Field Guide Compliance-safe marketing
How to market products that are not EPA or FDA registered
If you sell a cleaning product, sanitizer, or supplement that is not EPA or FDA registered, the rule is simple: describe what it is, do not claim what an unregistered product is not allowed to claim. Get the language right and your listings stay live.
If you sell a cleaning product, sanitizer, or supplement that is not EPA or FDA registered, the rule is simpler than it looks: you can describe what the product is, but you cannot make the claims that an unregistered product is legally not allowed to make. Get the language right and your listings stay live. Get it wrong and they get pulled, sometimes with the account attached.
I have run this for real products, including non-EPA cleaning lines, so this is operator experience, not legal advice. For anything specific to your product, talk to counsel. But most of the trouble comes from a handful of avoidable mistakes.
The line: describe, do not claim
The whole game is the difference between describing a product and claiming an effect that triggers a registration requirement. Describing what something is, or what it physically does, is generally safe. Claiming a regulated effect it is not registered for is where listings die.
You can almost always say what the product is made of, who it is for, and how to use it. You get into trouble when you reach for the powerful words that imply a regulated benefit.
EPA: cleaning is not disinfecting
This is the one that catches people. Under EPA rules, any claim to kill, control, or repel germs, bacteria, viruses, or pests is a pesticidal claim, and a pesticidal claim requires EPA registration. That covers the tempting phrases: disinfects, sanitizes, kills 99.9 percent of germs, antimicrobial, antibacterial.
On an unregistered product, none of those are available to you. What you can say is the physical, cleaning-focused truth.
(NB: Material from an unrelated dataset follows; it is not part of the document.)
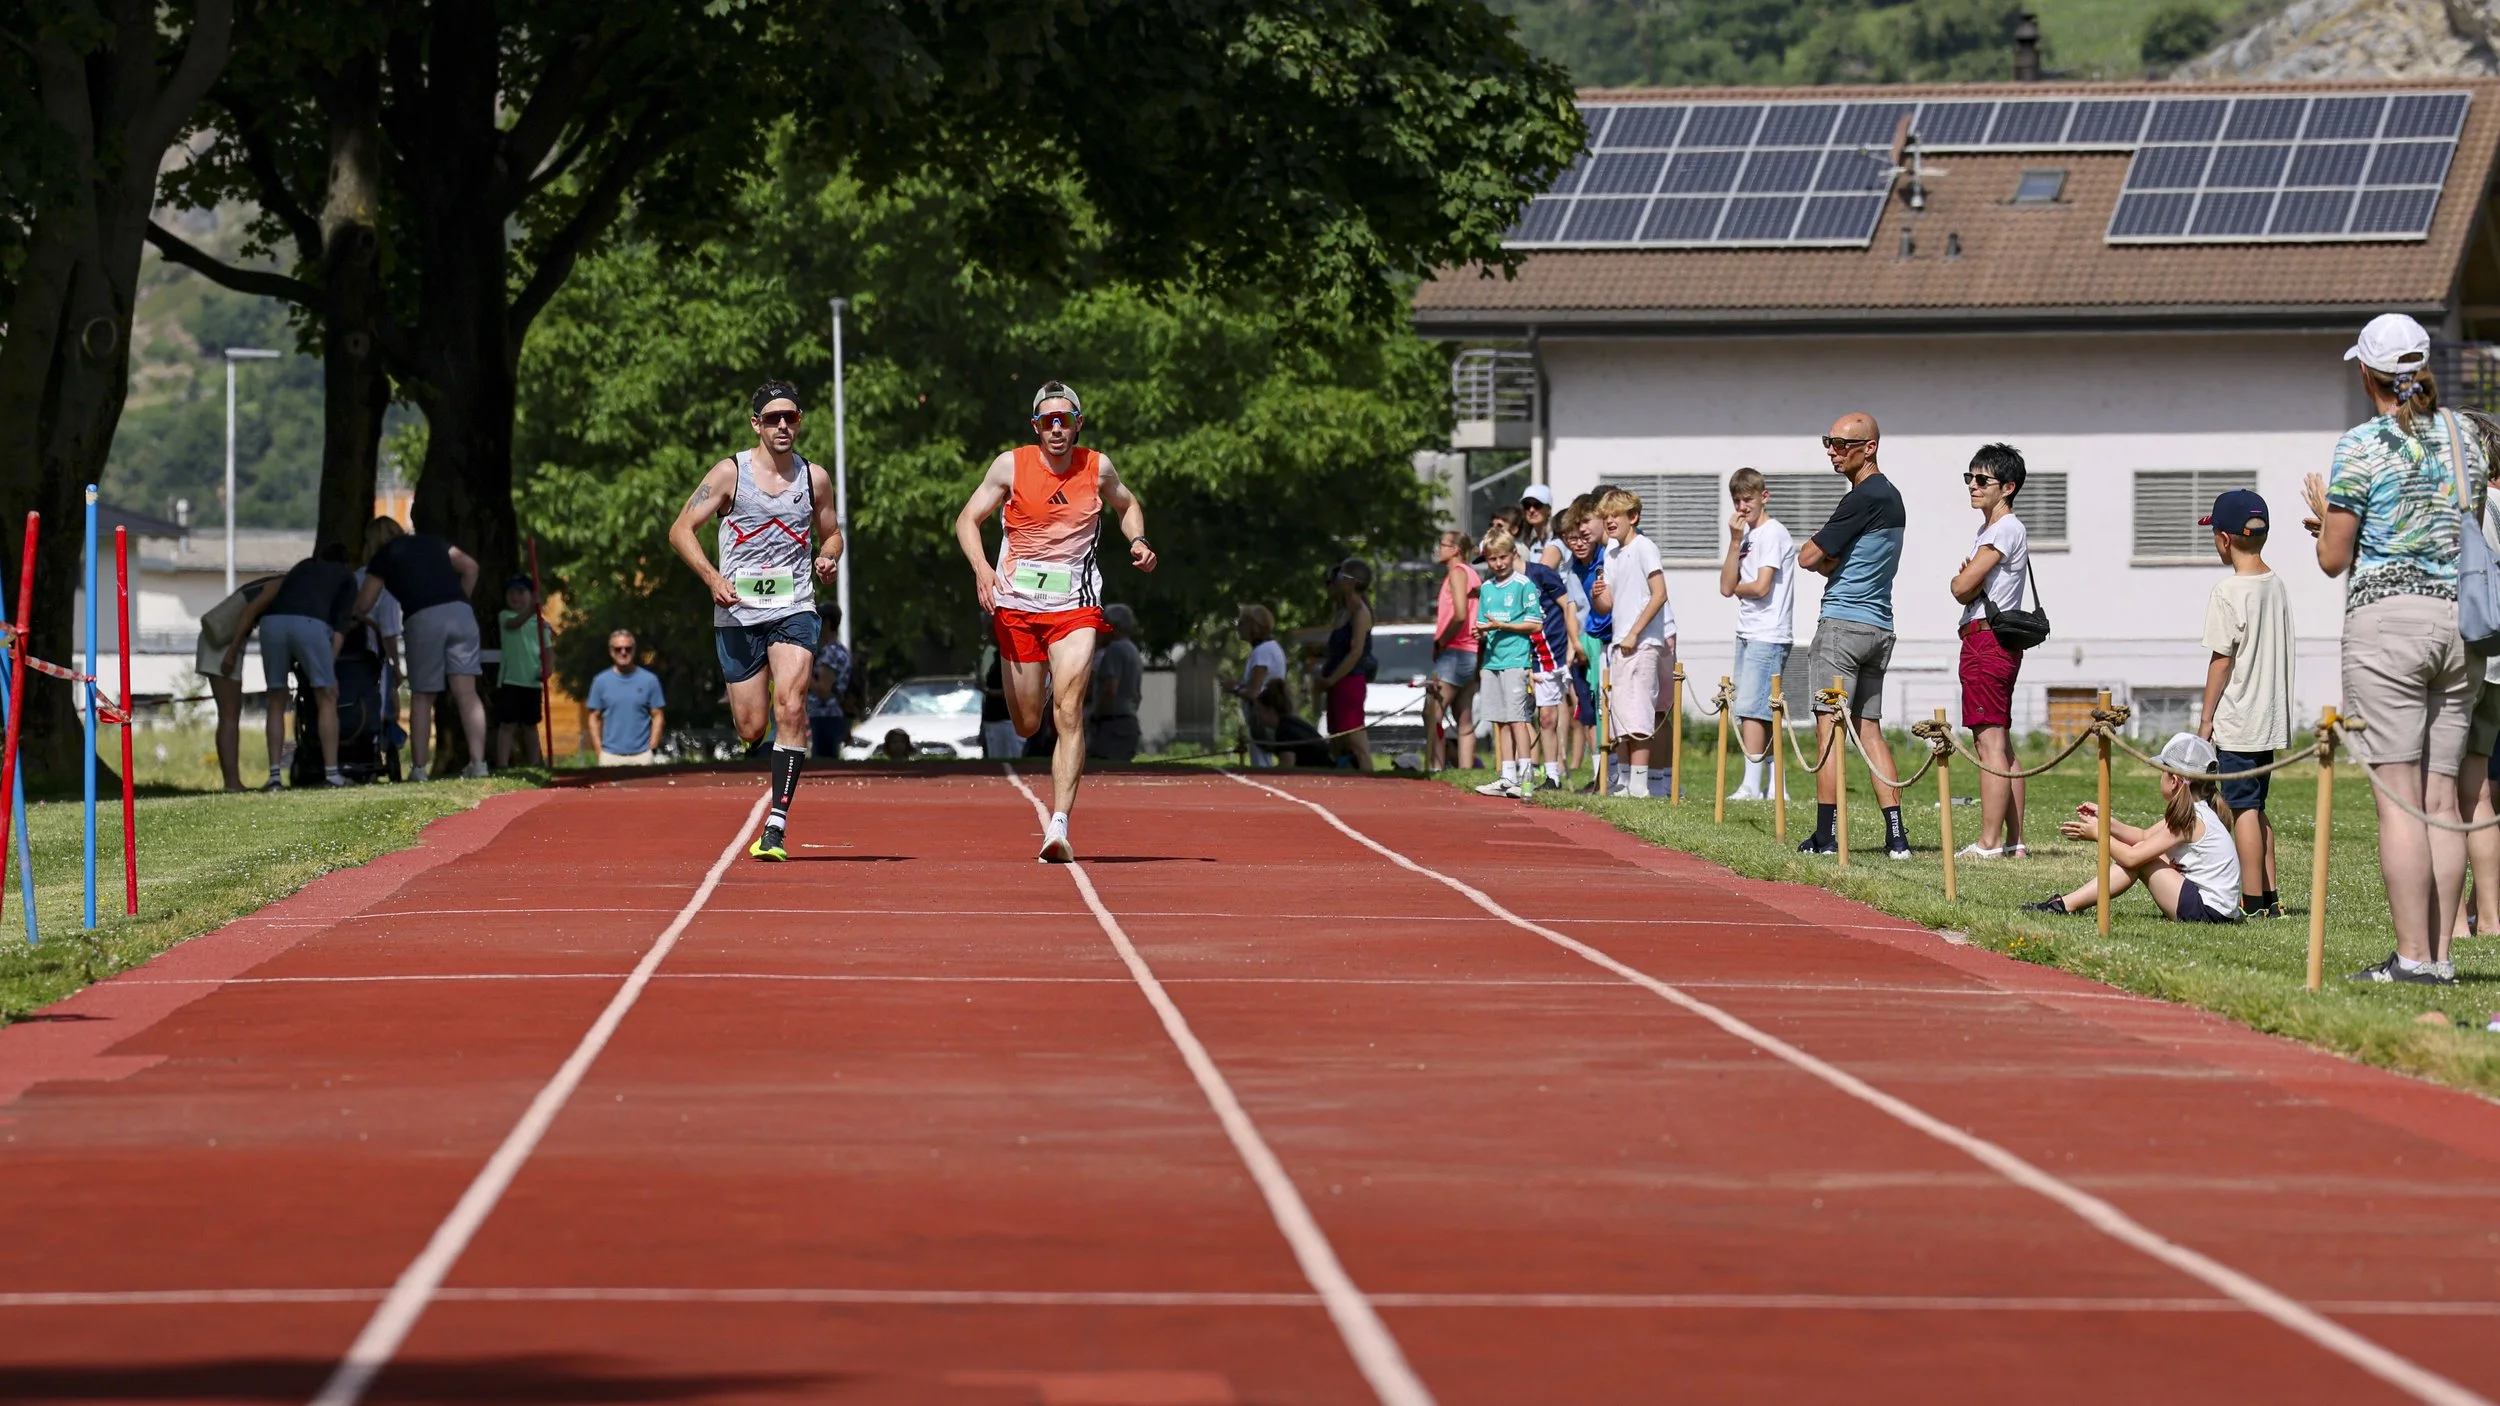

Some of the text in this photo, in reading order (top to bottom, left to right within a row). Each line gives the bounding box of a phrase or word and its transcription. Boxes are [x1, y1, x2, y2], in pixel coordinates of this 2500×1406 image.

Safe vs unsafe for an unregistered cleaning product
- Safe: cleans surfaces, removes dirt and grime, wipes away residue
- Safe: leaves surfaces fresh, formulated for daily cleaning
- Unsafe: disinfects, sanitizes, kills germs or bacteria
- Unsafe: antimicrobial, antibacterial, kills 99.9 percent of anything
Where the risky claims actually hide
Most sellers clean up their bullet points and assume they are safe. They are not, because a marketplace reads the entire listing as one document. A pesticidal or disease claim is just as enforceable in an image as in a bullet, and people put their boldest language exactly where they think no one is checking.
- The title and back-end search terms, where “disinfectant” gets added for the search volume.
- The A+ content and infographics, where a claim lives inside a picture.
- The brand store and advertising copy, which carry the same rules.
- Comparison phrasing such as hospital-grade or as effective as bleach, which carries the regulated meaning even without the banned word.
Review all of it. A compliant listing is compliant everywhere, not just in the text a shopper reads first.
FDA: structure-function, never disease
For supplements, the FDA line runs between structure-function claims and disease claims. A structure-function claim describes how an ingredient affects normal structure or function of the body, such as supports immune health or helps maintain healthy energy. Those are allowed, but only with the disclaimer:
This statement has not been evaluated by the Food and Drug Administration. This product is not intended to diagnose, treat, cure, or prevent any disease.
A disease claim, such as treats colds, lowers blood pressure, or cures anything, is not allowed at all, disclaimer or not. The disclaimer protects a permitted structure-function claim. It does not license a disease claim.
Cosmetics have their own version of the line
The same trap appears with skincare and personal care. A cosmetic is allowed to describe how it affects appearance: hydrates, softens, smooths. The moment it claims to change the body’s structure or function, such as stimulates collagen or reduces inflammation, it reads as a drug claim, and an unapproved drug claim is its own compliance problem. The pattern is identical to the other two categories: describe the cosmetic effect, do not claim the medical one.
A practical safe-language habit
The operational fix is not to memorize every rule. It is to build the review into the listing process so a risky word never ships. Before any product copy goes live, run it past a simple filter: does this describe what the product is, or does it claim a regulated effect it is not registered for? If it is the second, rewrite it to the first.
Keep a short banned-words list for your category, taped to the publishing process, and have a second person check it. Across a catalog, this is exactly the kind of standard that has to be the same on every brand, the way the whole compliance-safe marketing discipline works: one rule, applied identically, every time copy ships.
If a listing gets pulled anyway
Sometimes a claim slips through, or a marketplace flags a phrase you thought was fine. When that happens, speed matters, because a suppressed listing is lost revenue every day it is down, and a pattern of violations can put the account itself at risk. Fix the offending language first, everywhere it appears, then appeal with the corrected listing rather than arguing the original. Recovering a suppressed listing or a flagged account is a specific, time-sensitive job, and it is one part of the operations work I do for brands in regulated categories.
Do this consistently and compliance stops being a threat hanging over the catalog and becomes a quiet step in publishing, like checking a price. The brands that win in regulated categories are not the ones making the boldest claims. They are the ones still standing because their listings never gave a marketplace a reason to pull them.